EXERCISE DESCRIPTION:
Reproduce word for word the line holding "this 1344×1512 image." and all lines after it in the data, through the end, leaving out pictures.

Spatial localization data:
————————
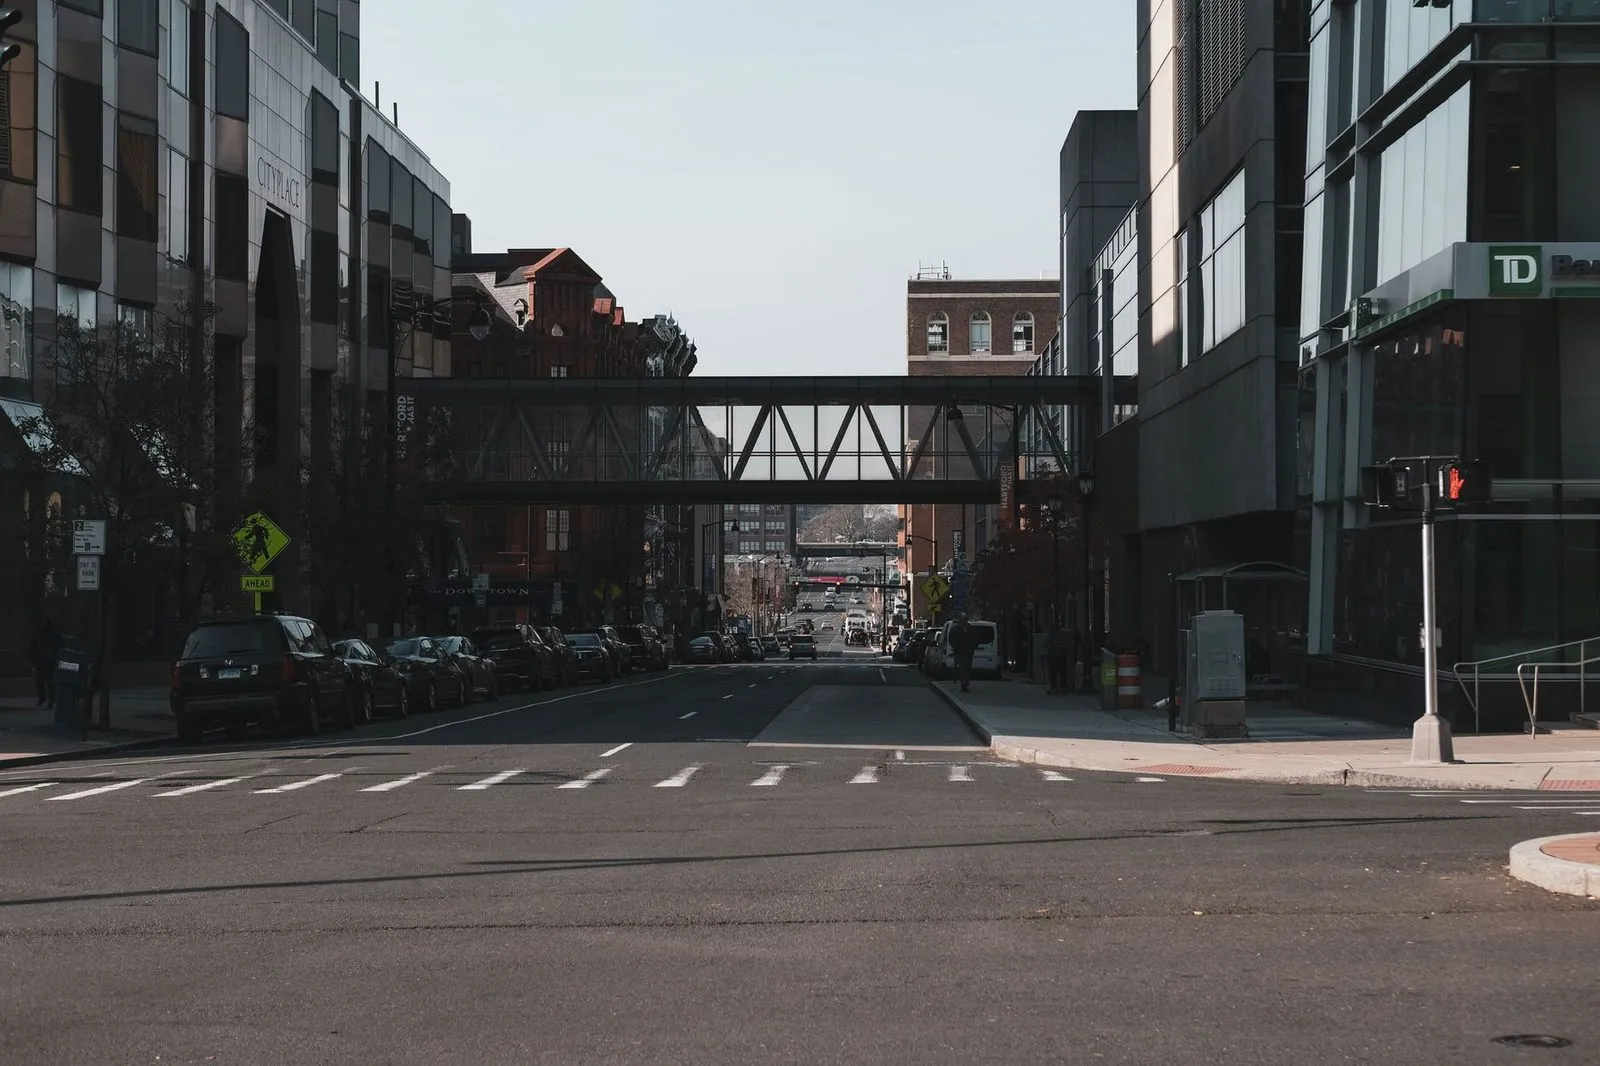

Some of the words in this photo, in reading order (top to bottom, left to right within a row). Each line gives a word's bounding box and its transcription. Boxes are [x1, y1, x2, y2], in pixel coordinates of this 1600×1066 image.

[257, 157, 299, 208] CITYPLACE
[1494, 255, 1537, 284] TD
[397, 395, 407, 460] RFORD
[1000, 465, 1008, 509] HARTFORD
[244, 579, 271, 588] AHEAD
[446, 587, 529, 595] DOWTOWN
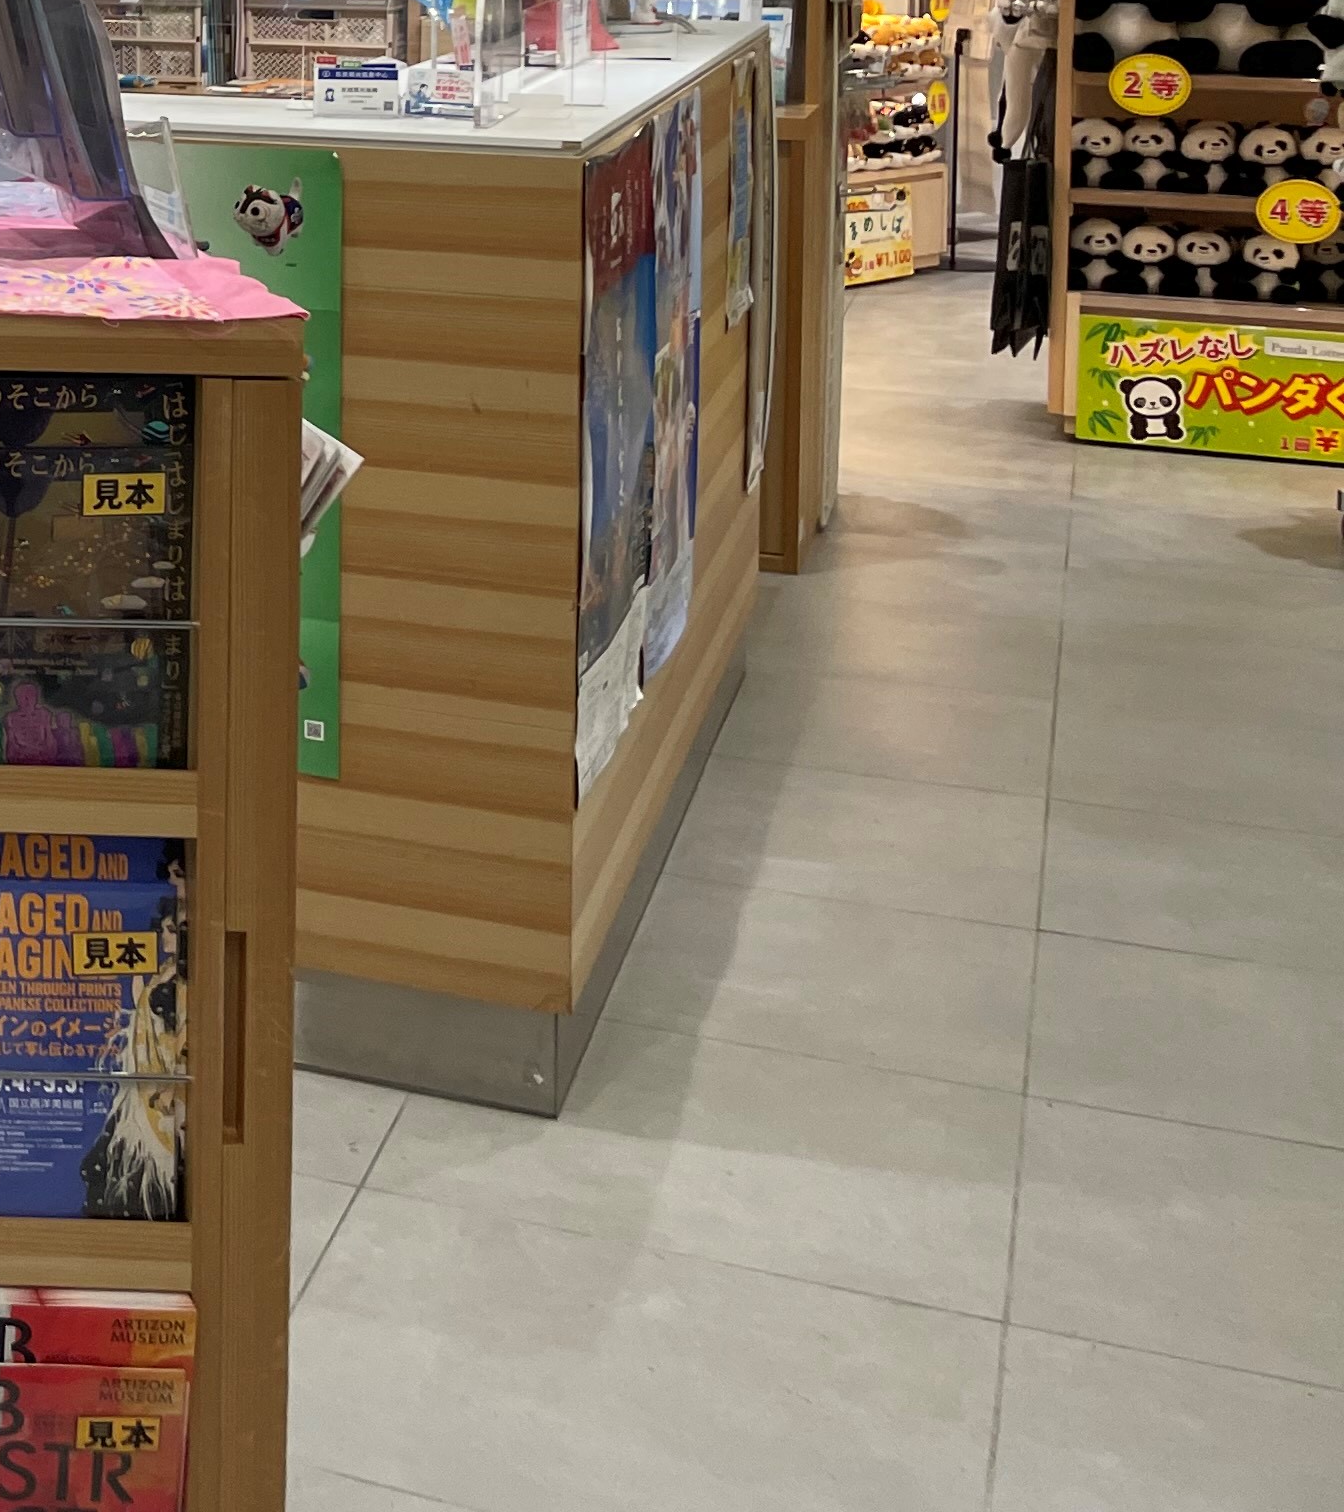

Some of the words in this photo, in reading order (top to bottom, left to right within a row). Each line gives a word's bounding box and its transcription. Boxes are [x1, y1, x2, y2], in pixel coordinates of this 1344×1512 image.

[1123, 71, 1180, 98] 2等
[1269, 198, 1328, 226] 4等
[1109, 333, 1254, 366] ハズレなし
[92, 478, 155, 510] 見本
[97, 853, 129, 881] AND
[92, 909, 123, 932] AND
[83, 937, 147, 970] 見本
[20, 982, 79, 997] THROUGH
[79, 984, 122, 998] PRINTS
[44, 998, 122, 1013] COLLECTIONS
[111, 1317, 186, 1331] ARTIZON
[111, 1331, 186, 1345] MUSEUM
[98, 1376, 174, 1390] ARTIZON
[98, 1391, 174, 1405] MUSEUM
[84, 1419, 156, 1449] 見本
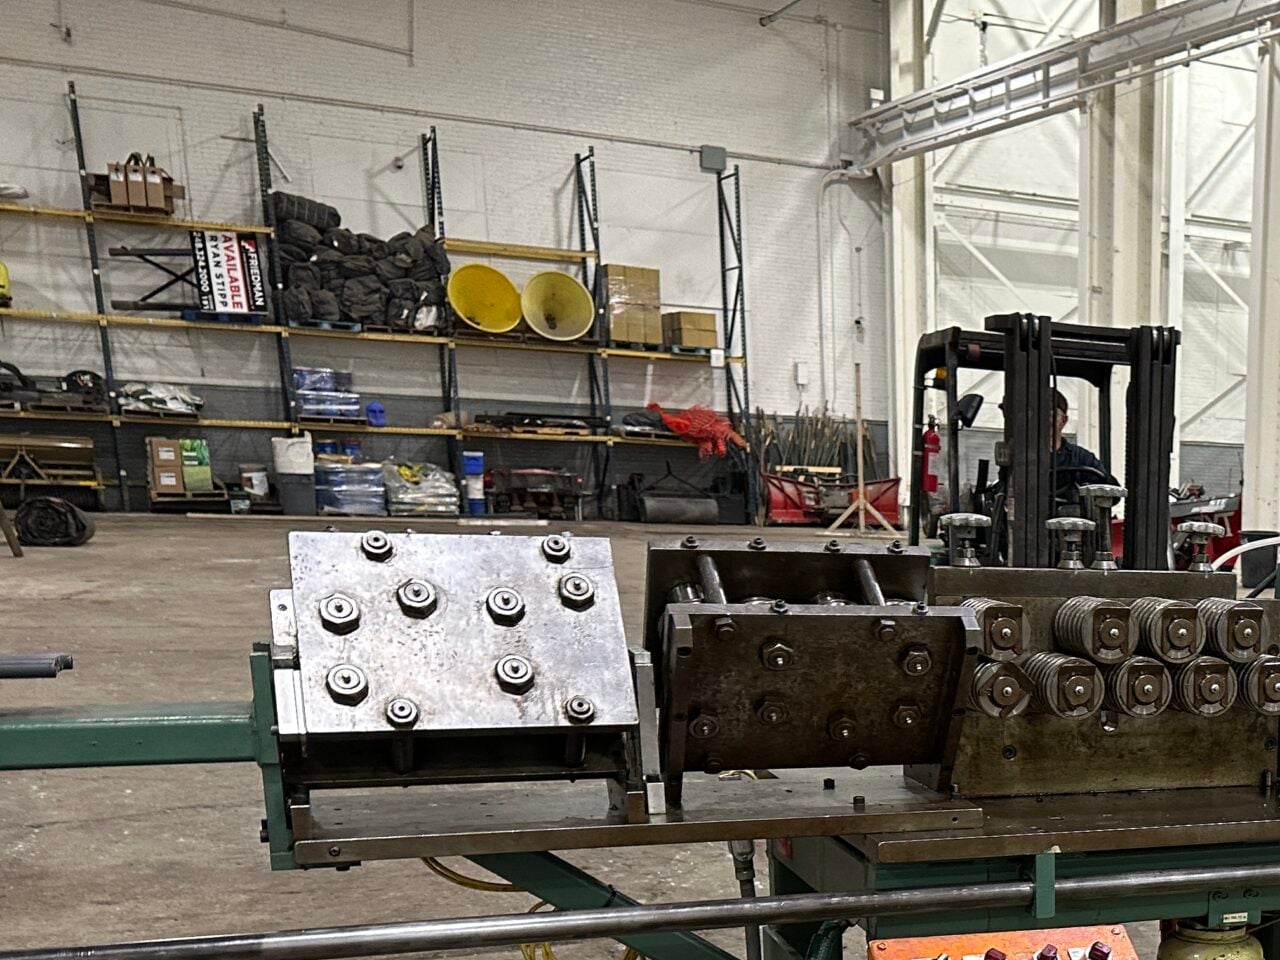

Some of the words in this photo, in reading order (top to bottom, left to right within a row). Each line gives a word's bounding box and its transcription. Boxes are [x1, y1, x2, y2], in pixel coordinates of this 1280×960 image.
————————
SOLVED PROBLEM:
Some of the words in this photo, in reading order (top to bottom, left to right within a row). Each line gives a word's bounding box and its transcription. Boxes are [x1, y1, x2, y2], in pixel coordinates of this 1344×1512 image.

[1123, 71, 1180, 98] 2等
[1269, 198, 1328, 226] 4等
[1109, 333, 1254, 366] ハズレなし
[92, 478, 155, 510] 見本
[97, 853, 129, 881] AND
[92, 909, 123, 932] AND
[83, 937, 147, 970] 見本
[20, 982, 79, 997] THROUGH
[79, 984, 122, 998] PRINTS
[44, 998, 122, 1013] COLLECTIONS
[111, 1317, 186, 1331] ARTIZON
[111, 1331, 186, 1345] MUSEUM
[98, 1376, 174, 1390] ARTIZON
[98, 1391, 174, 1405] MUSEUM
[84, 1419, 156, 1449] 見本

Some of the words in this photo, in reading order (top to bottom, left to right within a row). Each line gives a word's bounding box and its transcription. Boxes are [x1, y1, x2, y2], in pixel coordinates of this 1280×960 image.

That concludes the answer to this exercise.